Arscott and Colleagues Teach Next Generation of Freshwater Scientists
Almost 30 students at the University of Pennsylvania are learning about cutting-edge watershed science in Introduction to Freshwater Ecology, a recurring spring course organized and coordinated by Stroud™ Water Research Center Assistant Director Dave Arscott, Ph.D.
Many Stroud Center scientists contribute lectures throughout the semester, covering topics ranging from hydrology and fluvial geomorphology to chemistry, aquatic microbiology, and insect and fish ecology.
Students are also introduced to the impacts of human activities on watershed and stream ecosystems. Some of these impacts include:
- Stormwater runoff and its management.
- Point and nonpoint sources of pollution and their impacts.
- The influence of dams and water withdrawals on stream ecosystems, and watershed restoration and management.

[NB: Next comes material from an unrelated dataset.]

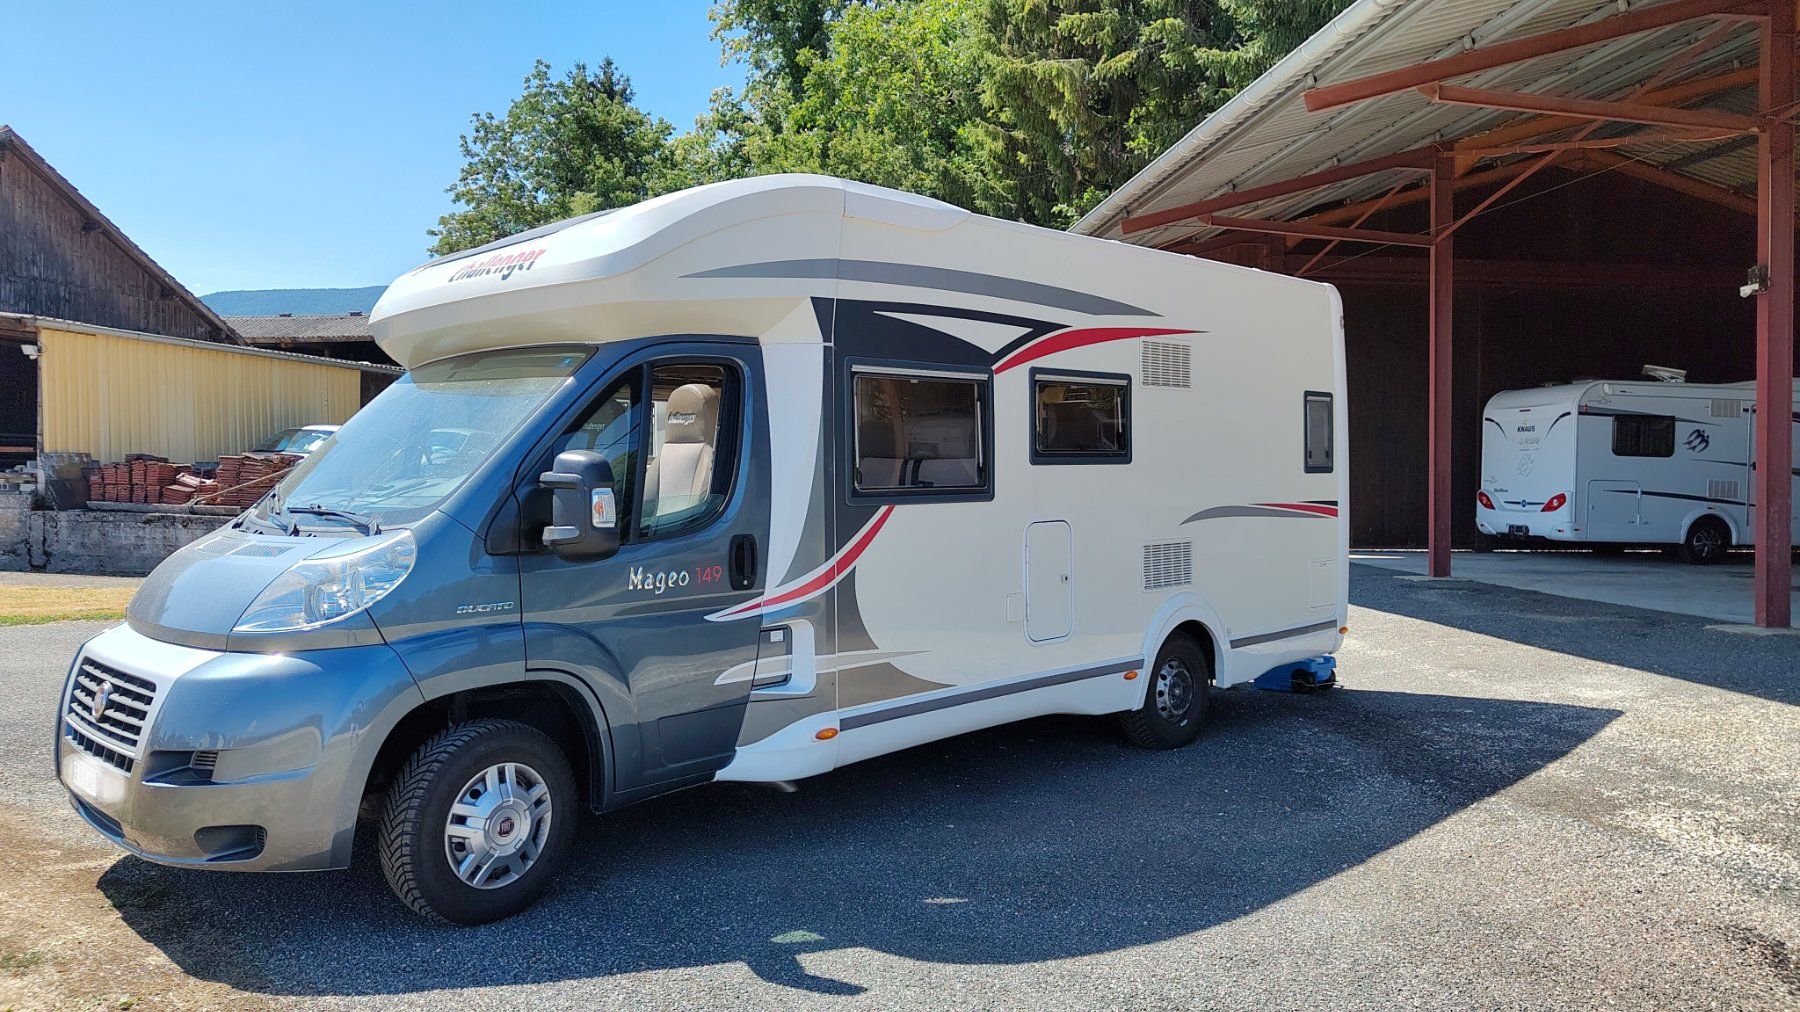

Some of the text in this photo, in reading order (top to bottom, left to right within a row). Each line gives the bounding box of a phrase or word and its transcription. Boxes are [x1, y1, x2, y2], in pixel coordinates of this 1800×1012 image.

[628, 565, 722, 595] Mageo 149
[456, 601, 514, 614] DUCATO

Enrollment consists of primarily junior and senior undergraduates studying biology or related disciplines, as well as students in the College of Graduate Studies.
Would you like to learn more watershed science? Join us at our upcoming events.
Stroud Center Spreads the Word About Trees for Clean Water
Stroud Center Director Bern Sweeney, Ph.D., and Watershed Restoration Manager David Wise both gave webinars as part of the Buffer Environmental Education Series, a joint effort of the U.S. Forest Service, the Alliance for the Chesapeake Bay, and the Farm Service Agency.
Sweeney’s webinar covered why streamside forests are critical to healthy streams and a healthy Chesapeake Bay. Wise co-presented with Katie Ombalski, a conservation biologist with Clear Water Conservancy. Their webinar covered lessons learned from both scientific research and from tree-planting projects. They also offered guidance on how to improve the long-term success of riparian forest buffers and save money doing it.
In January, Sweeney gave the keynote address at the Trees for Water Forum sponsored by American Rivers. The forum looked at assessing riparian buffer benefits for communities in Pennsylvania. Sweeney spoke about the use of science in determining the water-quality benefits of trees.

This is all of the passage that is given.